I mentioned in the commit msg of patch 03 that this would break working configurations that didn't comply with the new 'all devices of the IOMMU group must be included in the domain XML' directive. Perhaps this is worth mentioning in the 'news' page to warn users about it.
No, this shouldn't be a requirement at all. In my mind the purpose of these patches is to make something work (in a safe manner) that failed before, *not* to add new restrictions that break things that already work. (Sorry I wasn't paying more attention to the patches earlier).
About breaking existing configurations, there is the possibility of not going forward with patch 03, which is enforcing this rule of declaring all the IOMMU group.
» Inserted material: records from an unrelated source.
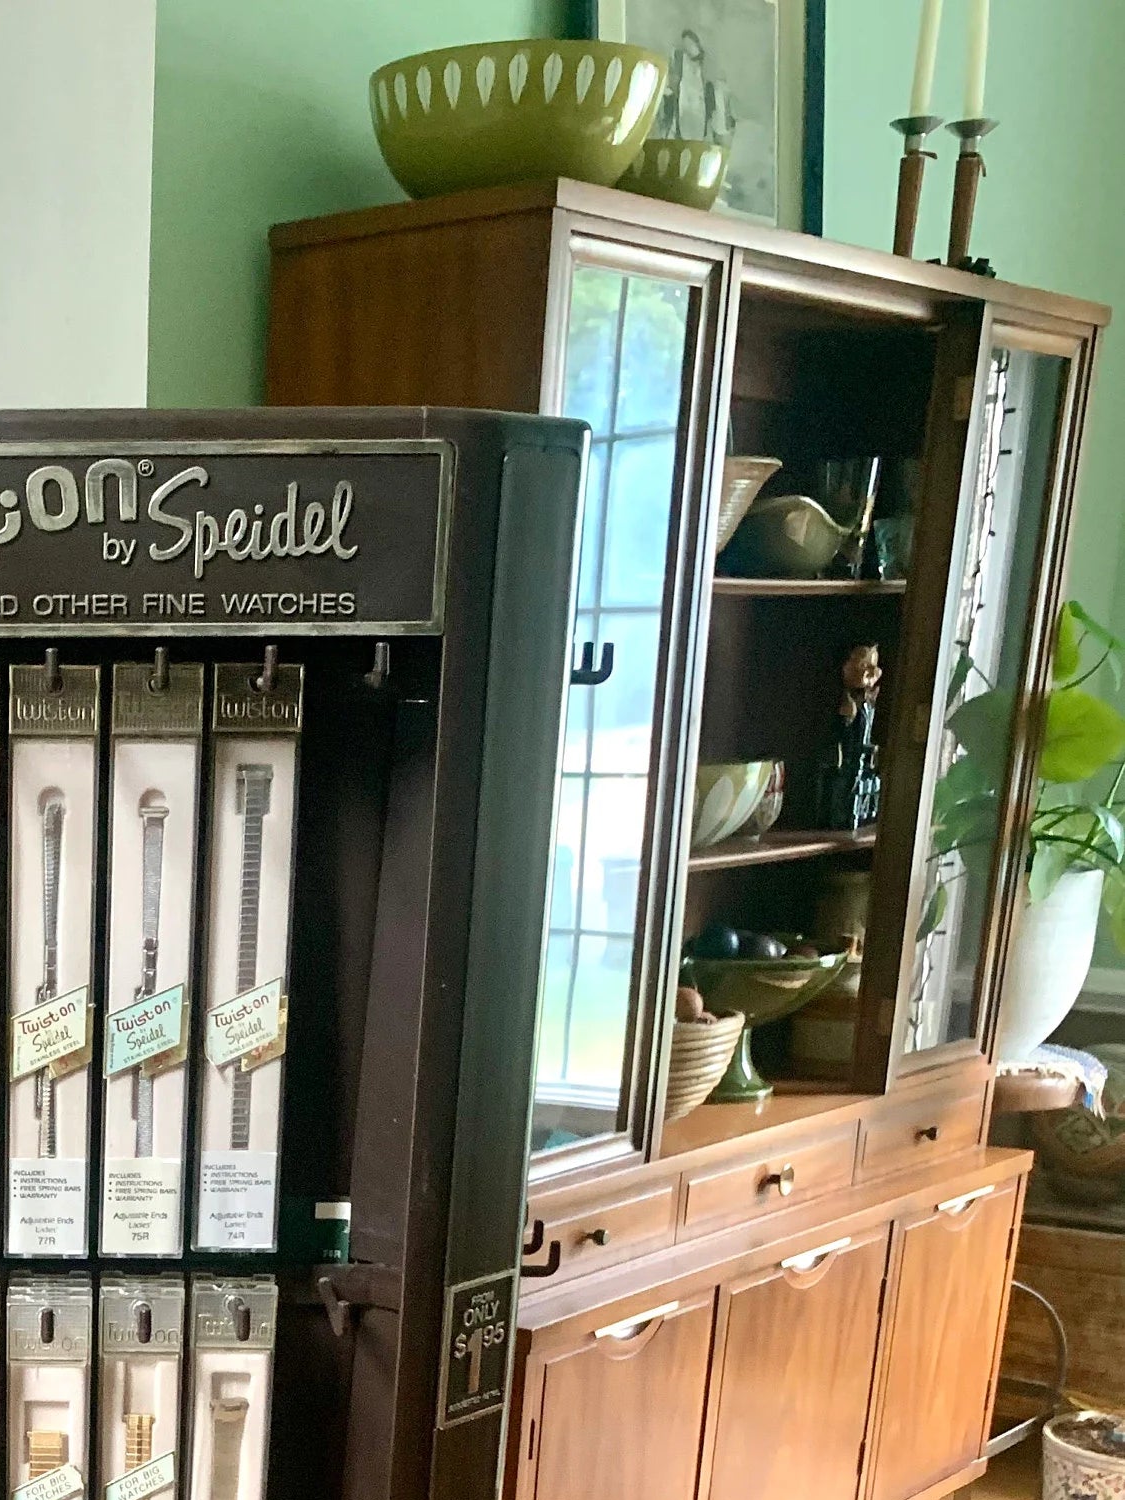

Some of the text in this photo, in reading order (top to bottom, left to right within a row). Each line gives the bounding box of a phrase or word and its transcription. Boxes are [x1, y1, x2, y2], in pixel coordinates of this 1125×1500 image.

[102, 530, 136, 566] by
[148, 465, 359, 579] Speidel
[32, 594, 129, 616] OTHER
[142, 593, 206, 615] FINE
[222, 593, 356, 615] WATCHES
[126, 1023, 166, 1051] Speidel
[225, 1018, 266, 1046] Speidel
[56, 1216, 74, 1224] Ends
[150, 1211, 168, 1219] Ends
[38, 1236, 56, 1246] 77R
[131, 1231, 150, 1241] 75R
[463, 1299, 501, 1327] ONLY
[24, 1473, 68, 1500] FOR BIG
[119, 1464, 161, 1493] FOR BIG
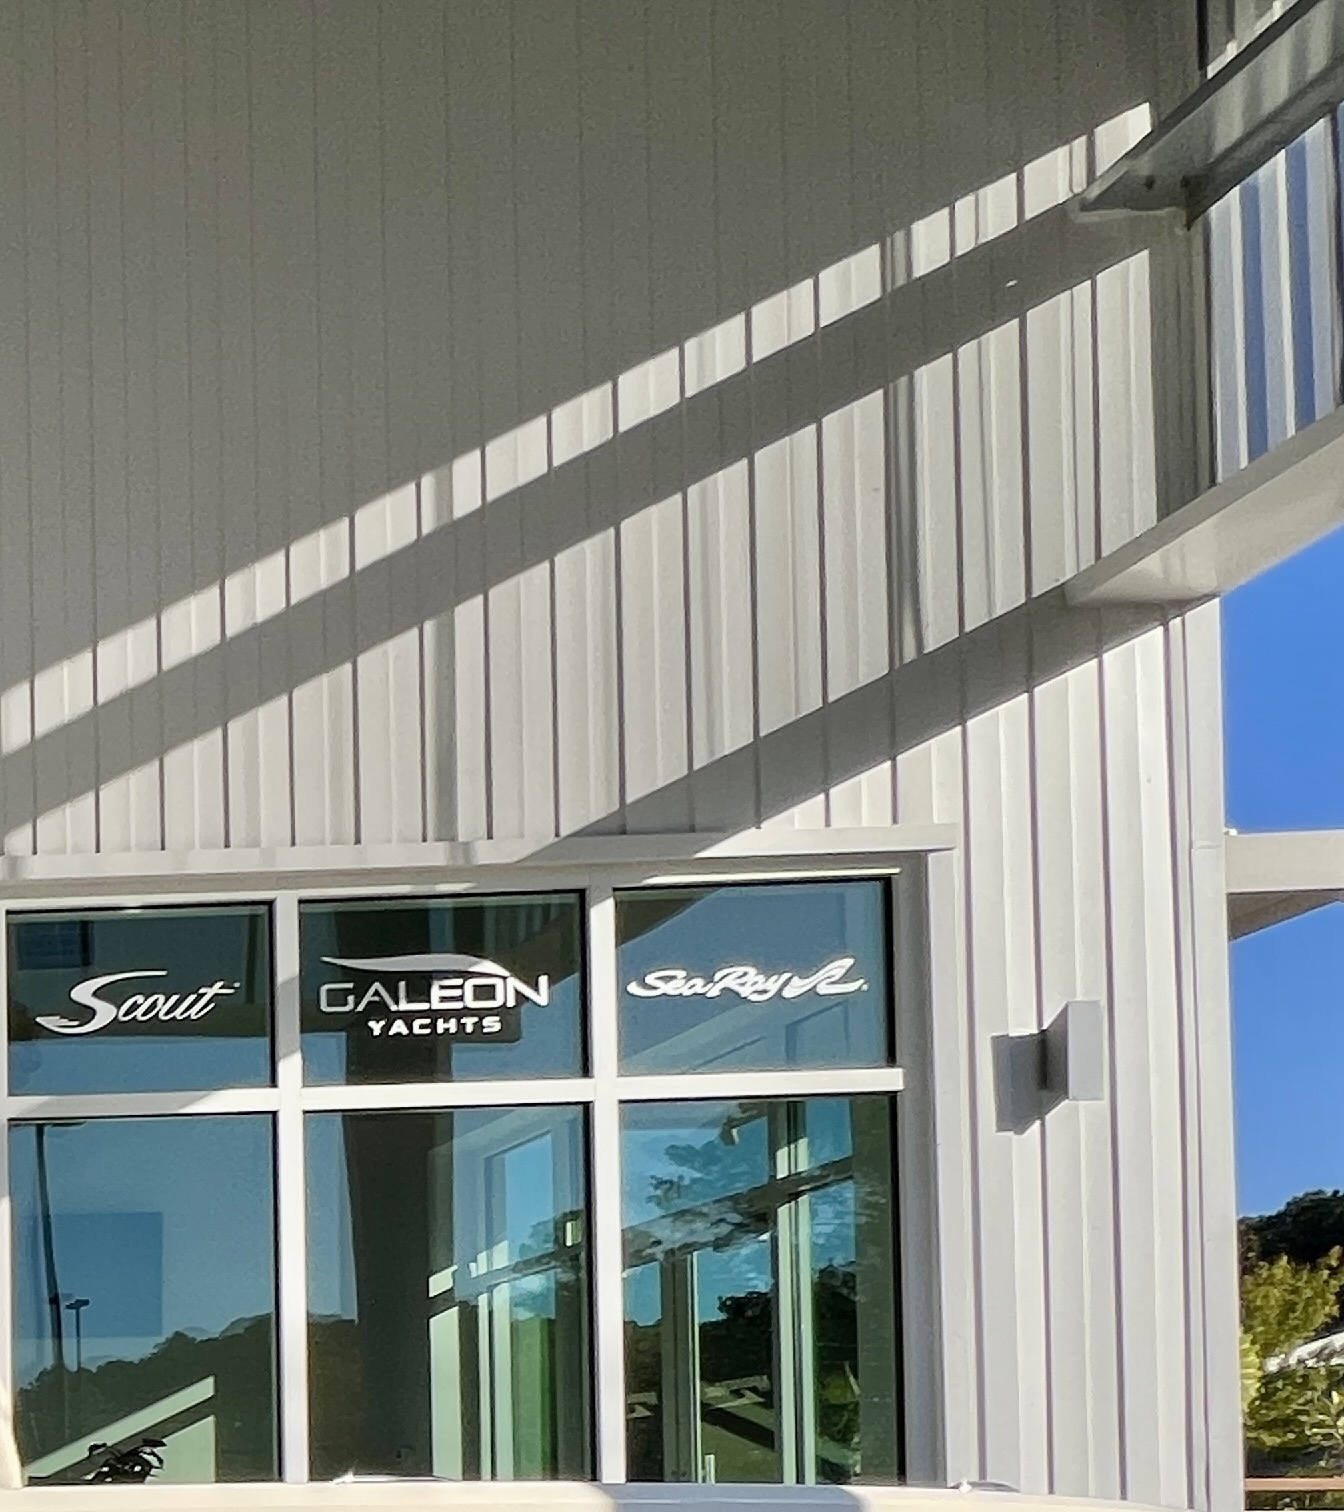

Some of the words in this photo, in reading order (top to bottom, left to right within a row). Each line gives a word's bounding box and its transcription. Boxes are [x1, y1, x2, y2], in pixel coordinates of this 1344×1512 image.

[34, 970, 238, 1034] Scout
[318, 974, 550, 1013] GALEON
[367, 1016, 502, 1036] YACHTS
Existing domains will keep working as usual, the option to unassign devices will still be present, but the user will have to deal with the potential QEMU errors if not all PCI devices were detached from the host.
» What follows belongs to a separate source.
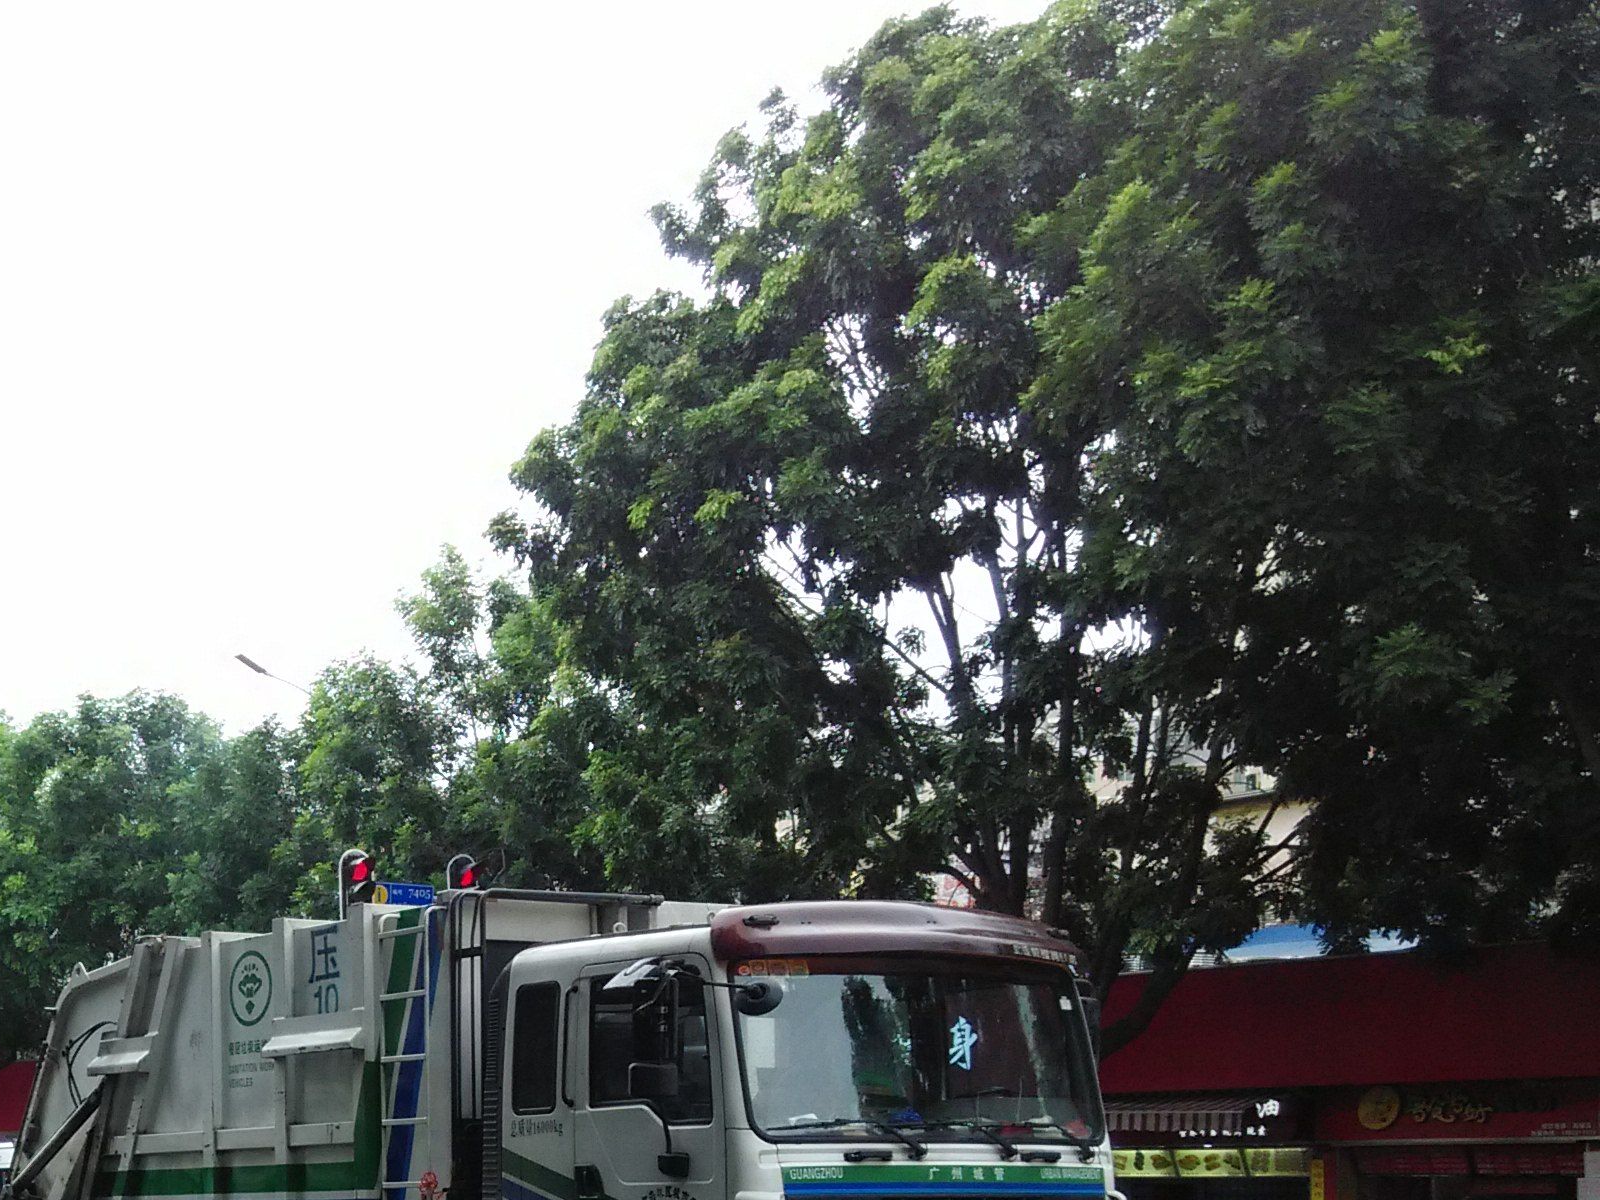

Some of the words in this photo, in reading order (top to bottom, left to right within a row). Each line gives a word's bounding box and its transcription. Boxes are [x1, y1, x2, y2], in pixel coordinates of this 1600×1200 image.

In this case, the 'unassigned' type will become more of a ON/OFF switch to add/remove the PCI hostdev from the guest without removing it from the domain XML. It is still useful, but we lose the idea of all the IOMMU devices being described in the domain XML, which is something Laine mentioned it would be desirable in one of the RFCs.
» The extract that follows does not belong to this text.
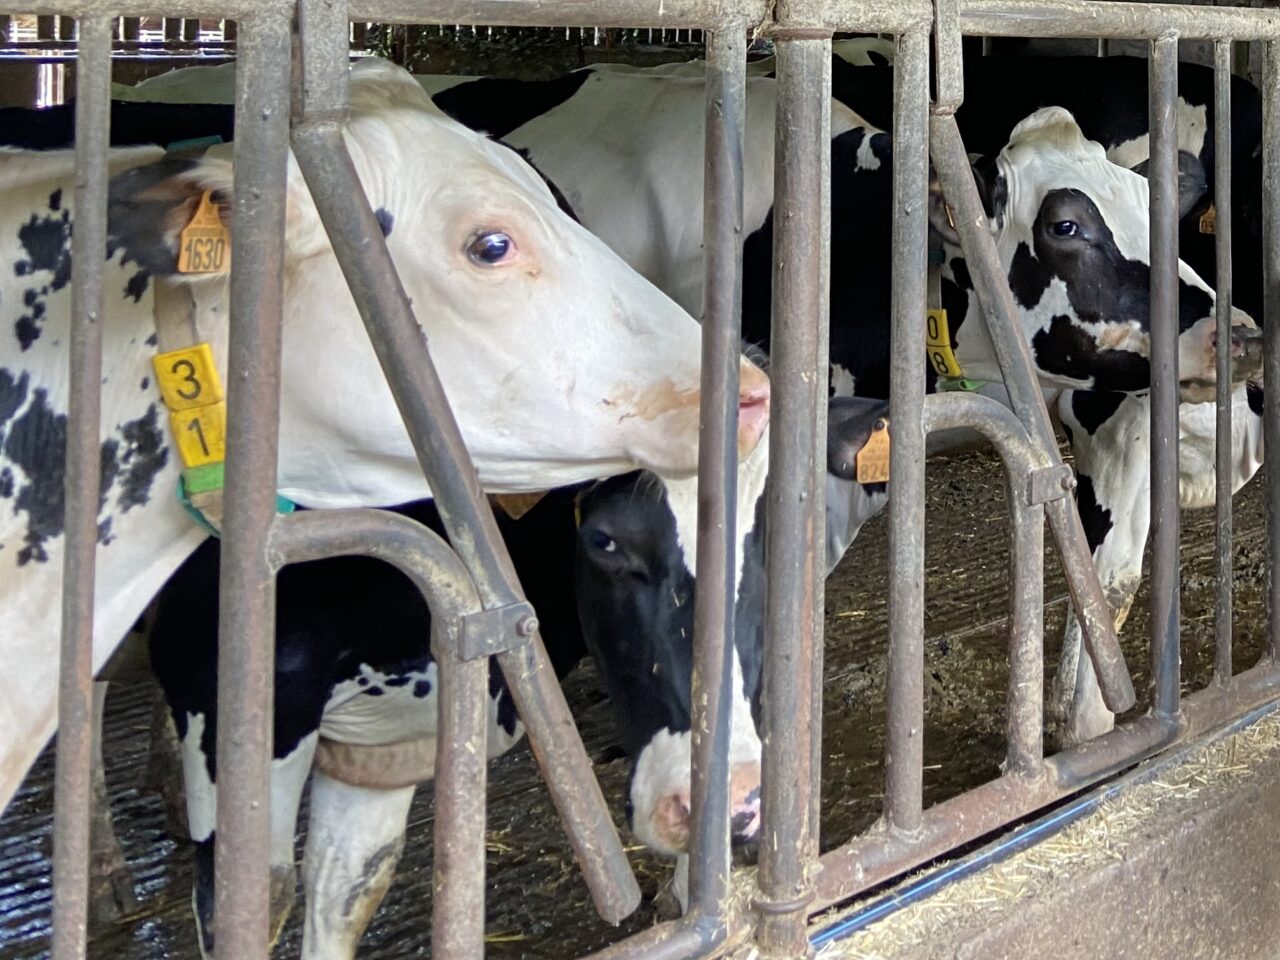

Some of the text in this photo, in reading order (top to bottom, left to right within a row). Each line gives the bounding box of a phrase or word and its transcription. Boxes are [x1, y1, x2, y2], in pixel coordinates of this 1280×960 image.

I don't actually recall saying that :-). I haven't looked in the list archives, but what I *can* imagine myself saying is that only devices mentioned in the XML should be manipulated in any way by libvirt. So, for example, you shouldn't unbind device X from its host driver if there is nothing in the XML telling you to do that. But if a device isn't mentioned in the XML, and is already bound to some driver that is acceptable to the VFIO subsystem (e.g. vfio-pci, pci-stub or no driver at all (? is that right Alex?)) then that should not create any problem. Doing otherwise would break too many existing configs. (For example, my own assigned-GPU config, which assumes that all the devices are already bound to the proper driver, and uses "managed='no'")